CWWeekly presents this biweekly feature as a spotlight on issues that executives in clinical research face. This week, writer Suz Redfearn spoke with Dr. Stella Blackburn, vice president and global head of risk management for real-world evidence solutions at QuintilesIMS. As part of her efforts, Blackburn has been focused on the EMA’s adaptive pathways pilot program.
Q: Please explain the EMA’s adaptive pathways. How does it work?

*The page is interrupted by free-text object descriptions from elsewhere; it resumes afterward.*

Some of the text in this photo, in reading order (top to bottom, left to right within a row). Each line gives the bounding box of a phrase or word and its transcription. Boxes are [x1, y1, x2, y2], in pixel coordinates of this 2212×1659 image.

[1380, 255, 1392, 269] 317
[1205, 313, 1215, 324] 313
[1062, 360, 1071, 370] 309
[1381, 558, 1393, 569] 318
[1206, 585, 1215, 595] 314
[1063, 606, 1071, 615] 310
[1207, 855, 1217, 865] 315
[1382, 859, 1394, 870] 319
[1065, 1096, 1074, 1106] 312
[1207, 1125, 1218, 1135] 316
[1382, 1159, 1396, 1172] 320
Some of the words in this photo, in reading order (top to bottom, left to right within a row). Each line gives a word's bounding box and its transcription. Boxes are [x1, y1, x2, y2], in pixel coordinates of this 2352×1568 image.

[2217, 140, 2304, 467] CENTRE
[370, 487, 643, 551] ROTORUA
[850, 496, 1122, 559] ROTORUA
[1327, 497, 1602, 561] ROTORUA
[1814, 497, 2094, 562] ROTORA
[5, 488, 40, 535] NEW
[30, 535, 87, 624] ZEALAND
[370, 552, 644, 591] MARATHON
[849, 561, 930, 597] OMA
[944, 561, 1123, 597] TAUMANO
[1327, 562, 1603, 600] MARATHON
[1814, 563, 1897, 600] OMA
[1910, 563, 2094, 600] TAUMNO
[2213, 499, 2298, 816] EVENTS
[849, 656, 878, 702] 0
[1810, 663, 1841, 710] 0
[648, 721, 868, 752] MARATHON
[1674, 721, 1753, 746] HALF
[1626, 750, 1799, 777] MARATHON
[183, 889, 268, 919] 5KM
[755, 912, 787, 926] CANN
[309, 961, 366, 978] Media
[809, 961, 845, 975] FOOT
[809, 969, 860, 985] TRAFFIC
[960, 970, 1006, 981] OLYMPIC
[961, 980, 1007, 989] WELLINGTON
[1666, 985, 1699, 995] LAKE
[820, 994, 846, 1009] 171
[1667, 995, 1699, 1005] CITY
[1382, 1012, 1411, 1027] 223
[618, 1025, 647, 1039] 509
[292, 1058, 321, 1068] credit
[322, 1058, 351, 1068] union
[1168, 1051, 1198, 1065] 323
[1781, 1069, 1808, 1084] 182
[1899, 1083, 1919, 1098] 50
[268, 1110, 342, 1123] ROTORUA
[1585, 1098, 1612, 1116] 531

A: Adaptive pathways (AP) is a proactively planned, iterative approach to bringing medicines to market for patients with an unmet medical need. The aim is to balance access to medicines for patients with life-limiting conditions who have few or no treatment options, with the need to provide comprehensive information on the medicine as it’s being developed. The program is, essentially, trying to move the initial authorization point to allow earlier market access, while at the same time ensuring that evidence continues to be developed. One of the key parts is the involvement of all stakeholders—patients, regulators, health technology assessment (HTA) bodies, payers and doctors—during the development program.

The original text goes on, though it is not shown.